(The problem)
With pictures omitted, output the records below exactly as they appear.

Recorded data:
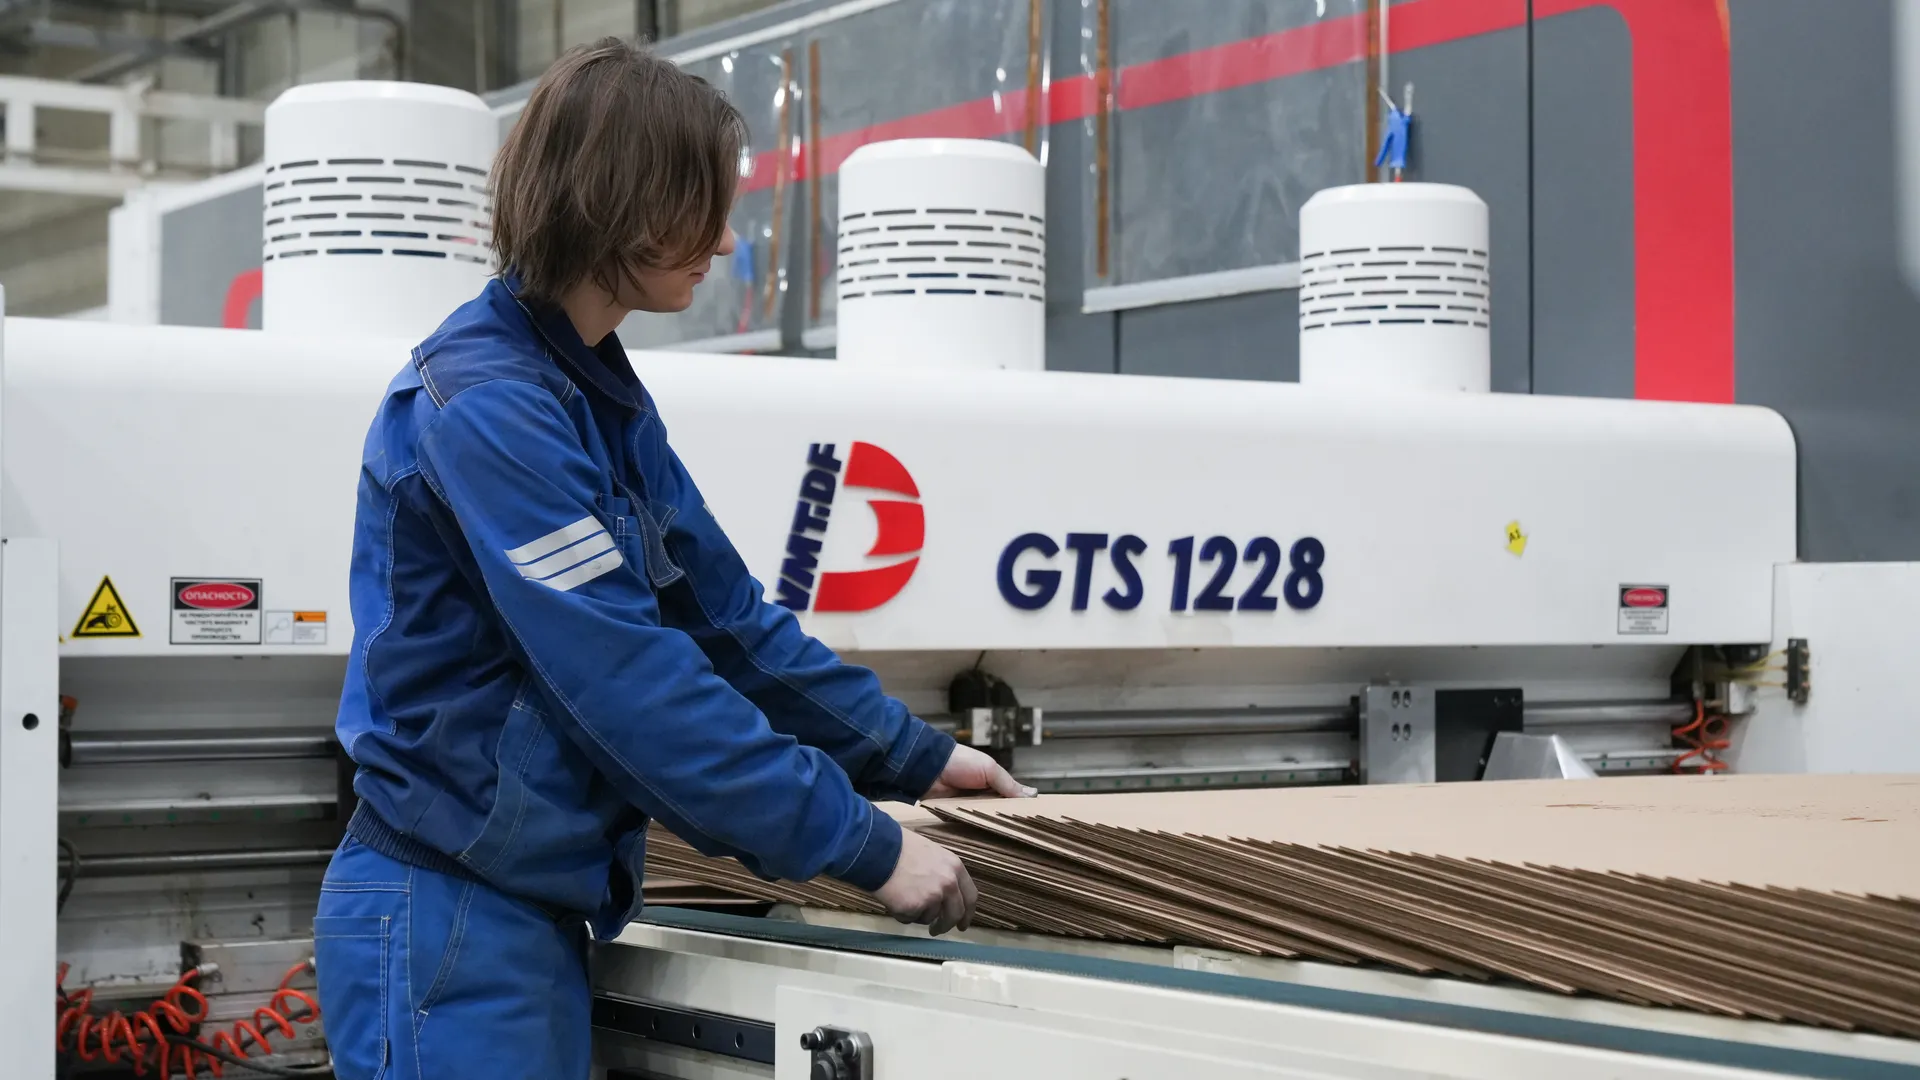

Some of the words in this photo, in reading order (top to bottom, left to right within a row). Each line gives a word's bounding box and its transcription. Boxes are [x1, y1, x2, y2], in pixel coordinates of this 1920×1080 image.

[997, 532, 1148, 612] GTS
[1168, 535, 1325, 613] 1228
[184, 591, 249, 601] ОПАСНОСТЬ
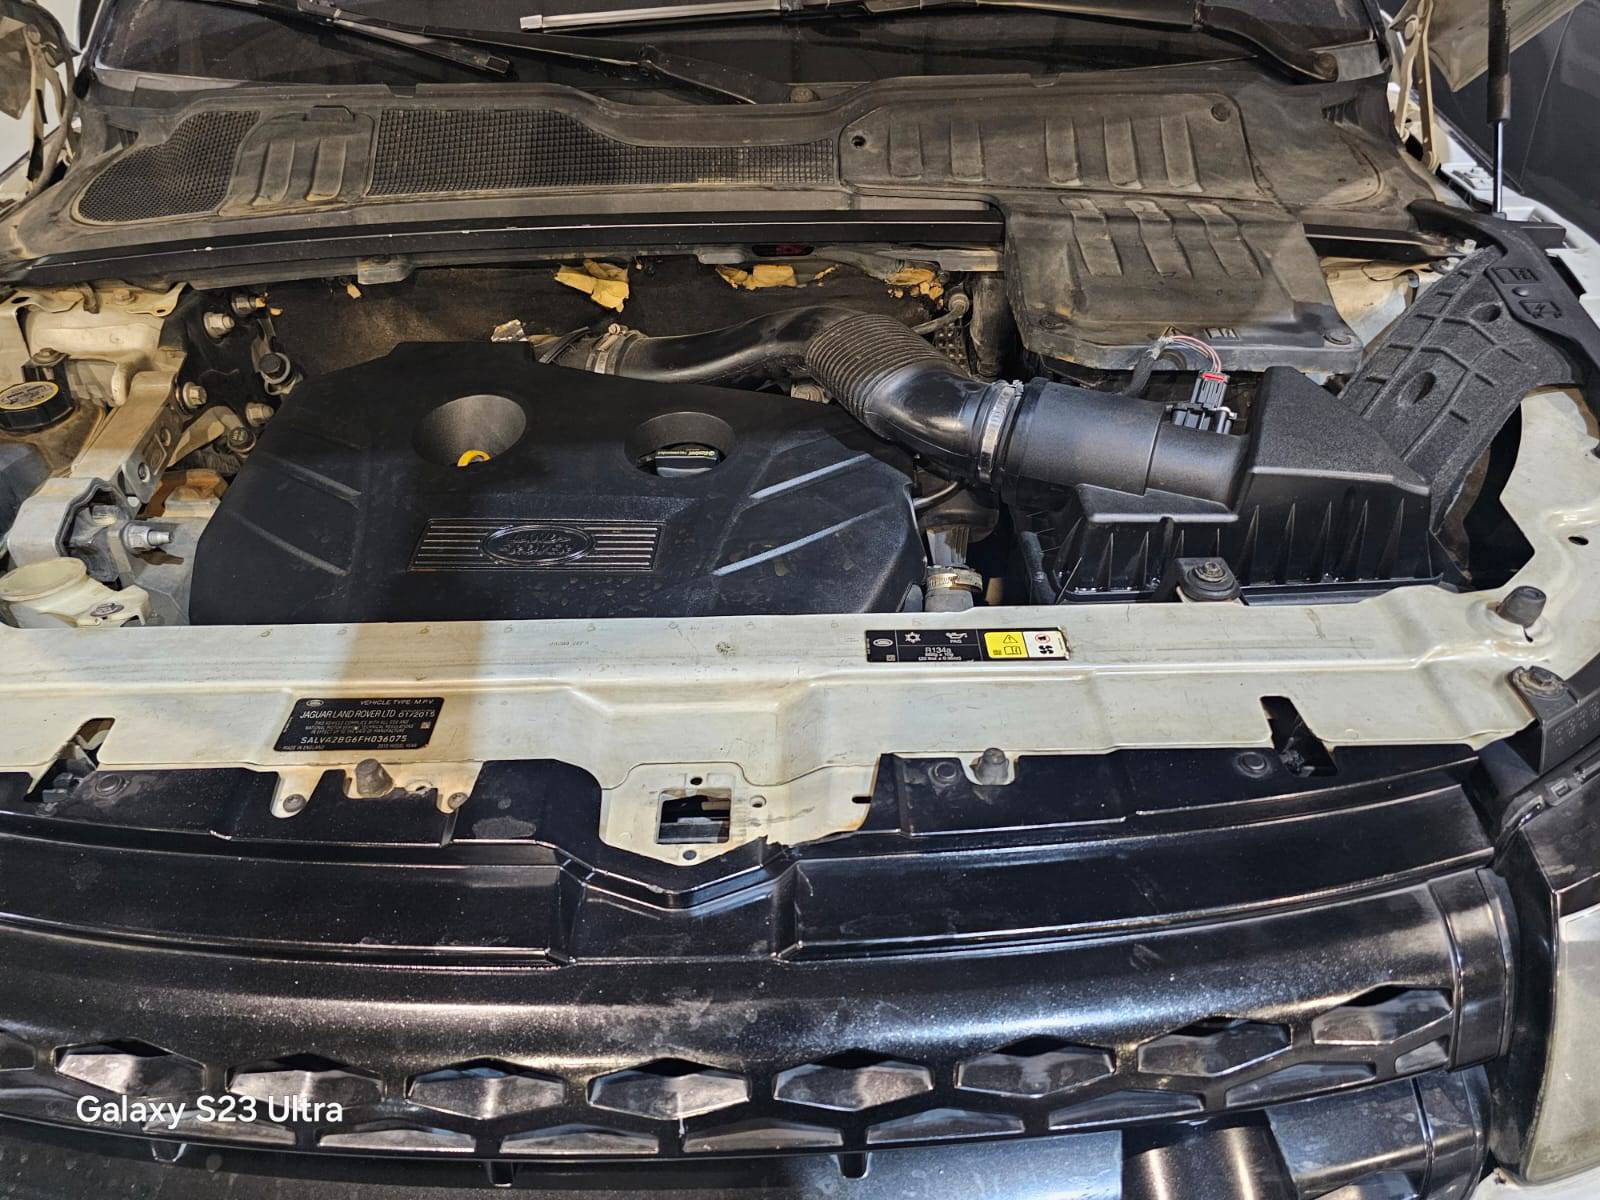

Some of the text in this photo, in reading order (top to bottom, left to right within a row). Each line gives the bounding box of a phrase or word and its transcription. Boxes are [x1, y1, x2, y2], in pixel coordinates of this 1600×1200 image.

[299, 709, 397, 719] JAGUAR LAND ROVER LTD
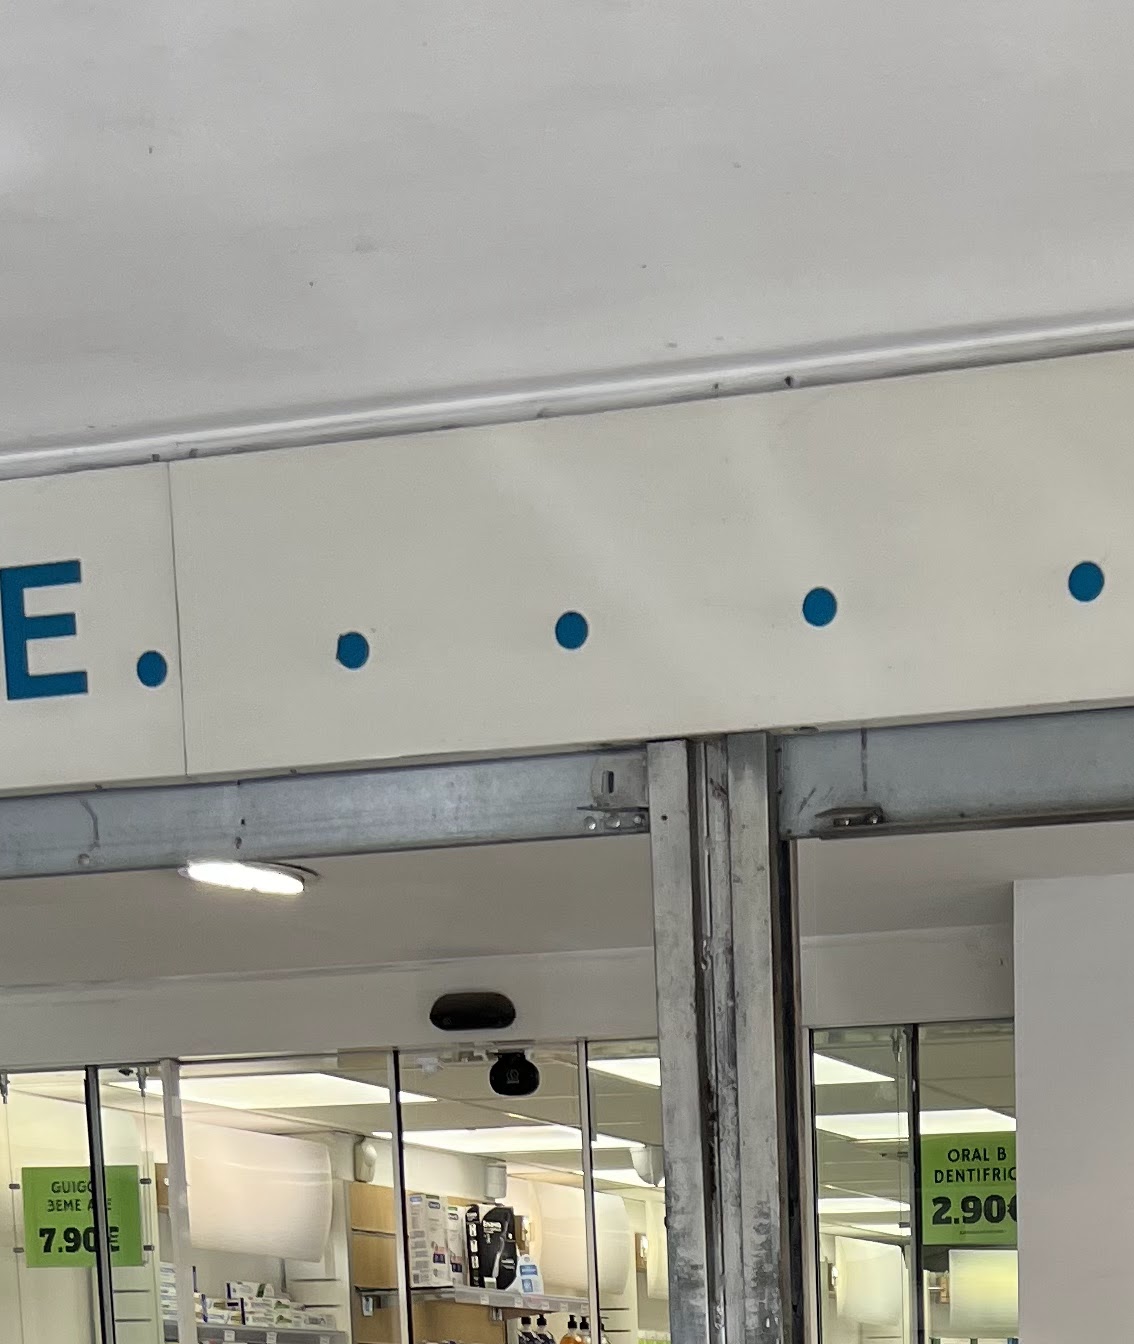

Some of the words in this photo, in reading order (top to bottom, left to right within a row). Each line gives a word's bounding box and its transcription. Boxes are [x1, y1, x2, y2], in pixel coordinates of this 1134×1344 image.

[947, 1148, 989, 1162] ORAL
[997, 1146, 1007, 1161] B
[47, 1199, 82, 1212] 3EME
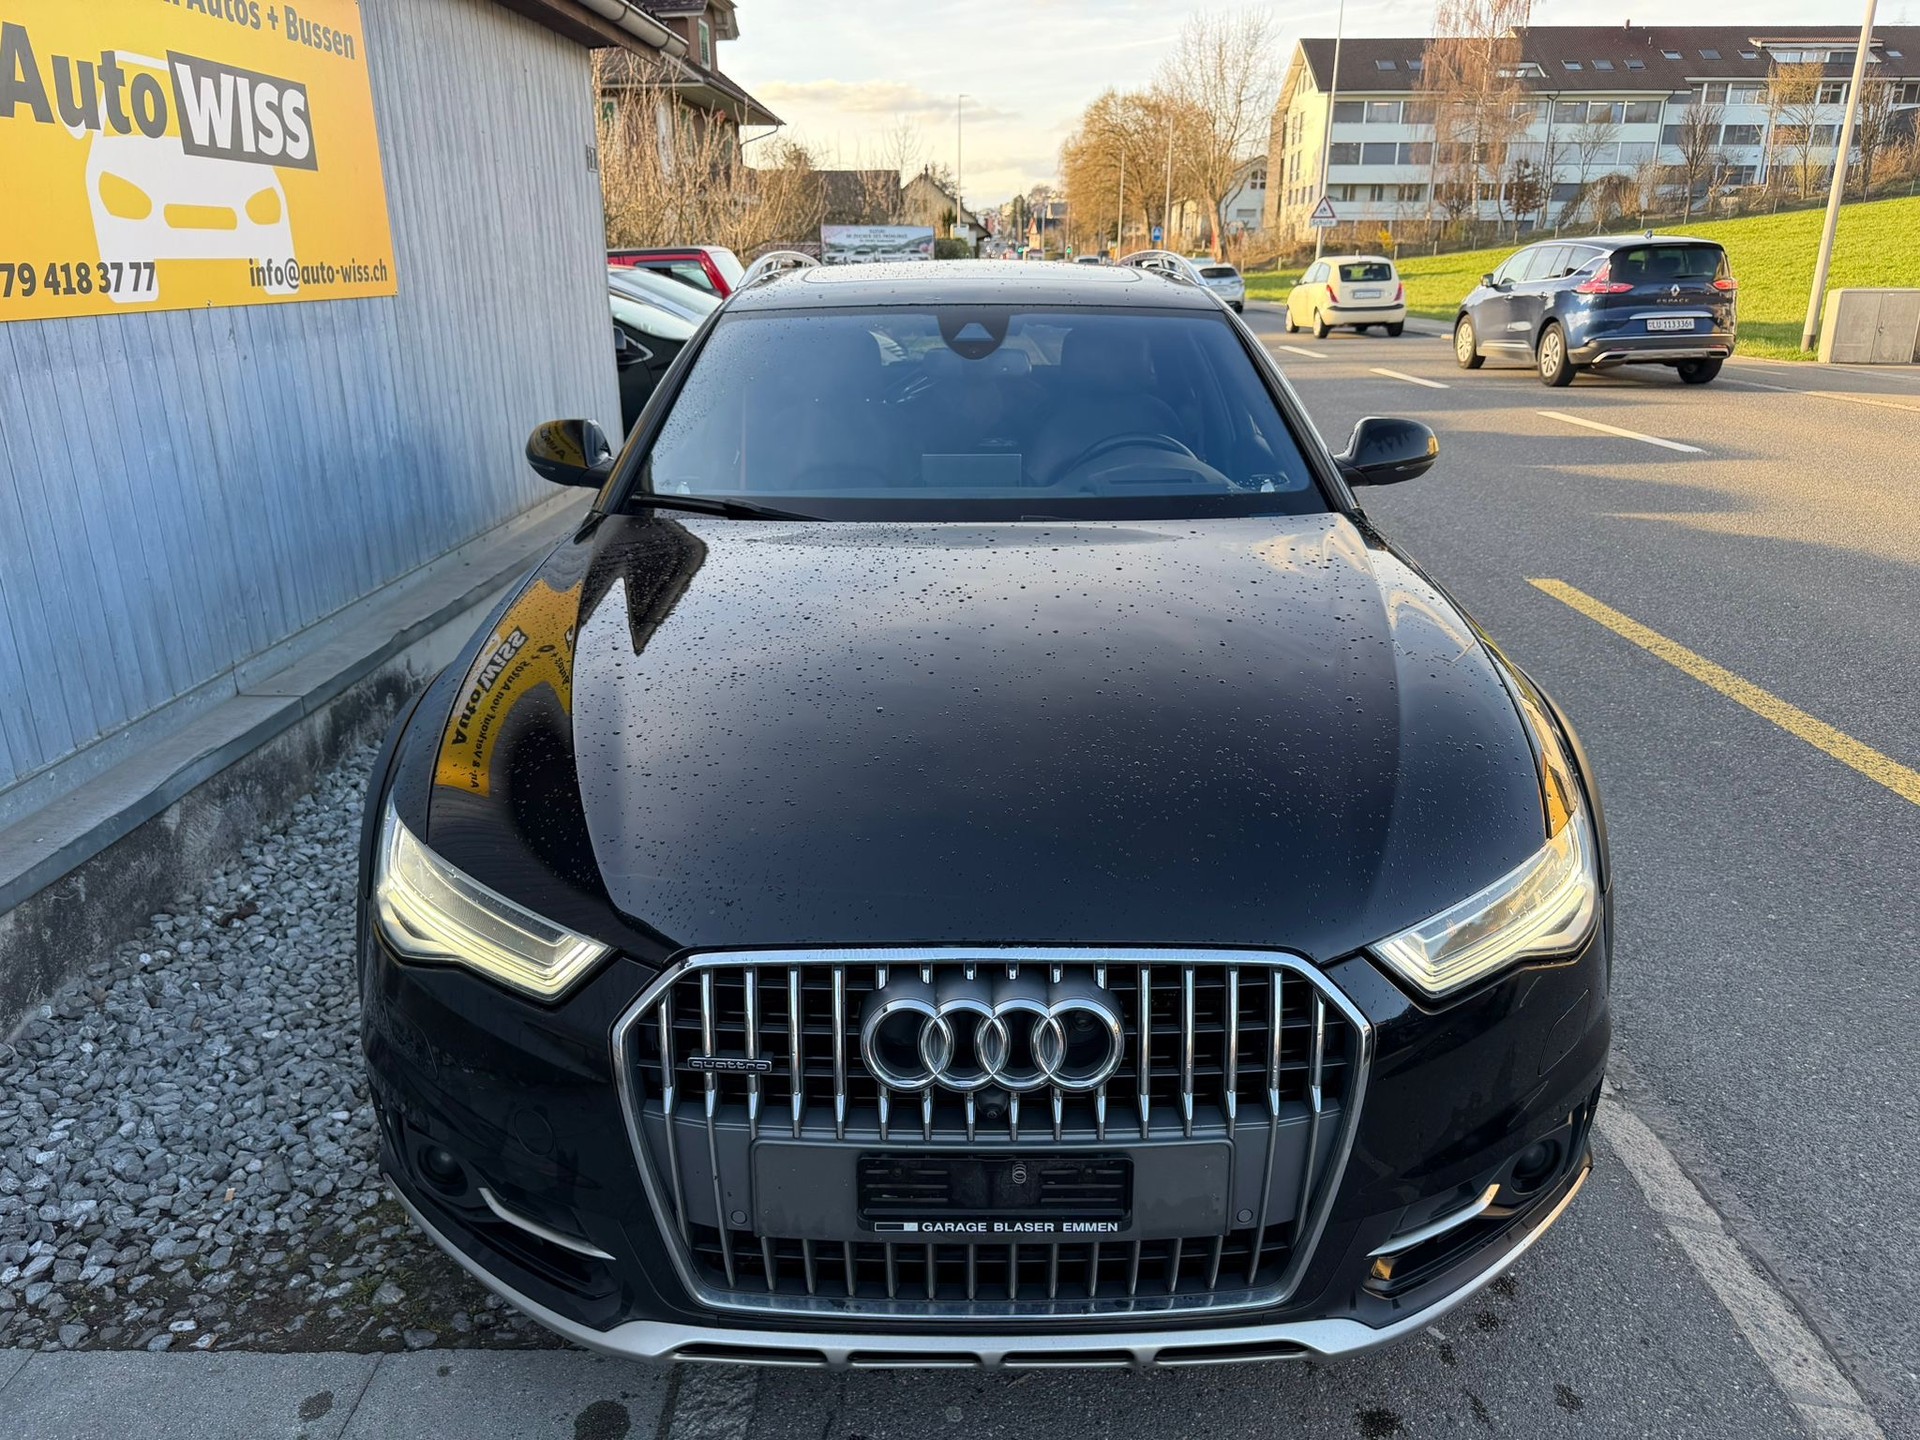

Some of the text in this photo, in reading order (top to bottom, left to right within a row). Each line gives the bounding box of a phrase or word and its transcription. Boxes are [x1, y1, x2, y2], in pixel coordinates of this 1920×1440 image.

(Response area)
Some of the words in this photo, in reading order (top to bottom, left to right within a row). Each line gives a word's bounding box and its transcription. Boxes are [x1, y1, x2, y2], in pixel coordinates of this 1920×1080 image.

[997, 532, 1148, 612] GTS
[1168, 535, 1325, 613] 1228
[184, 591, 249, 601] ОПАСНОСТЬ

Some of the text in this photo, in reading order (top to bottom, left to right within a row). Each line gives the bounding box of a phrase or word and its transcription. Boxes are [x1, y1, x2, y2], in pixel coordinates of this 1600×1200 image.

[299, 709, 397, 719] JAGUAR LAND ROVER LTD

Some of the words in this photo, in reading order (top to bottom, left to right within a row). Each line gives a word's bounding box and its transcription. Boxes are [x1, y1, x2, y2], in pixel coordinates of this 1134×1344 image.

[947, 1148, 989, 1162] ORAL
[997, 1146, 1007, 1161] B
[47, 1199, 82, 1212] 3EME

Some of the text in this photo, in reading order (top to bottom, left to right within a row). Each line gives the bounding box of a phrase or word and its transcription. Boxes are [x1, y1, x2, y2], in pixel coordinates of this 1920×1440 image.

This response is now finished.